» Exercise description
Transcribe each record word for word. Skip the images.

» Source material
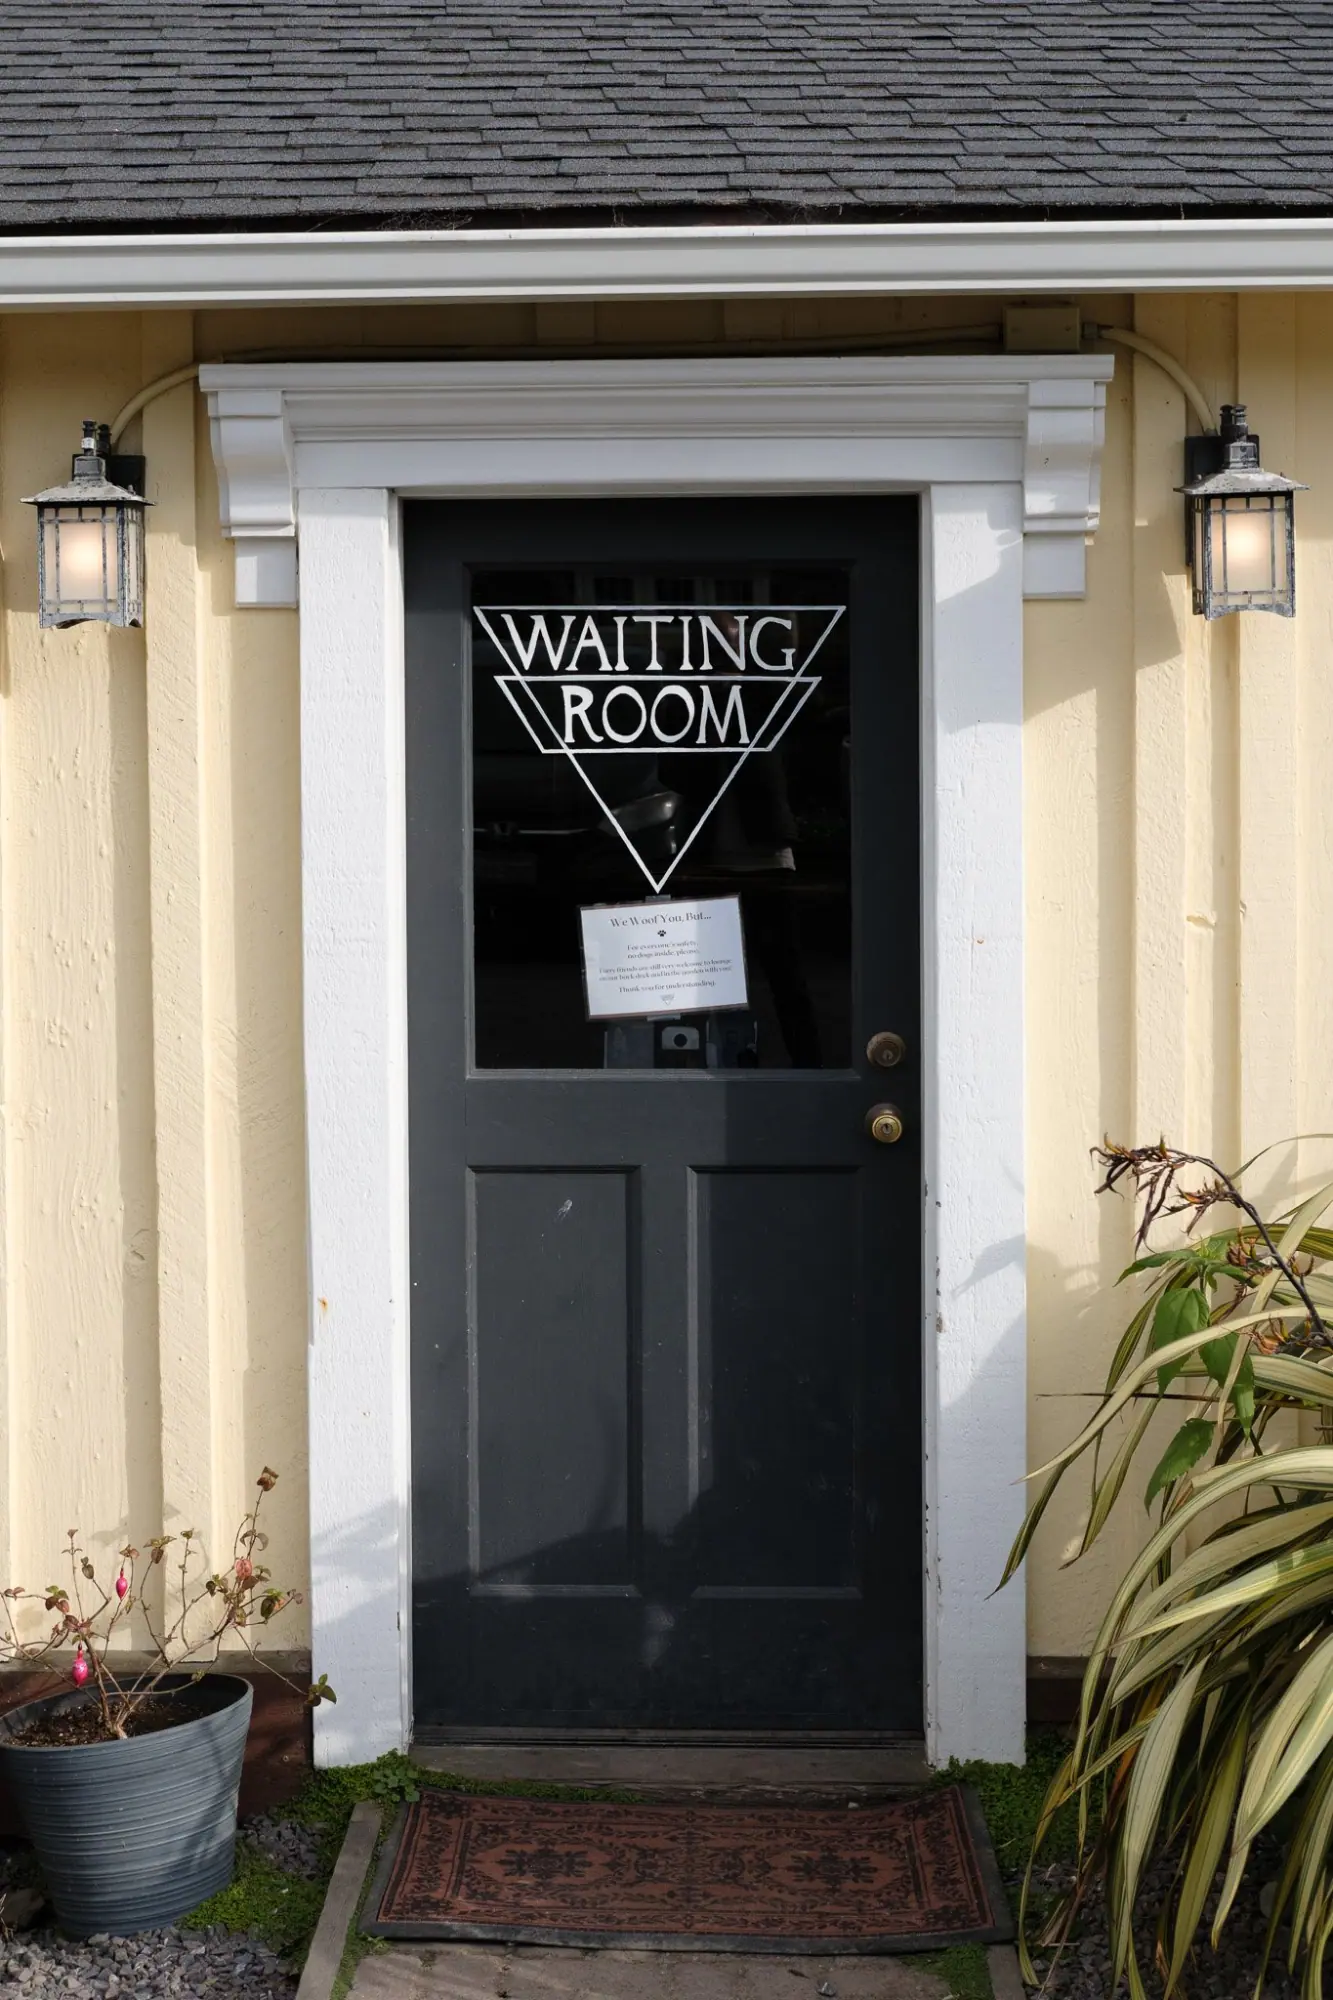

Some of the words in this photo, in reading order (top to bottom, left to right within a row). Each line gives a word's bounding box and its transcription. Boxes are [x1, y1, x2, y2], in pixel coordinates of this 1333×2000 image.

[502, 613, 797, 672] WAITING
[561, 685, 751, 744] ROOM
[610, 918, 628, 927] We
[630, 914, 659, 926] Woof
[660, 912, 685, 924] You,
[686, 911, 712, 921] But...

» Output
Some of the words in this photo, in reading order (top to bottom, left to right within a row). Each line gives a word's bounding box and its transcription. Boxes are [x1, y1, x2, y2], in pixel coordinates of this 1333×2000 image.

[502, 613, 797, 672] WAITING
[561, 685, 751, 744] ROOM
[610, 918, 628, 927] We
[630, 914, 659, 926] Woof
[660, 912, 685, 924] You,
[686, 911, 712, 921] But...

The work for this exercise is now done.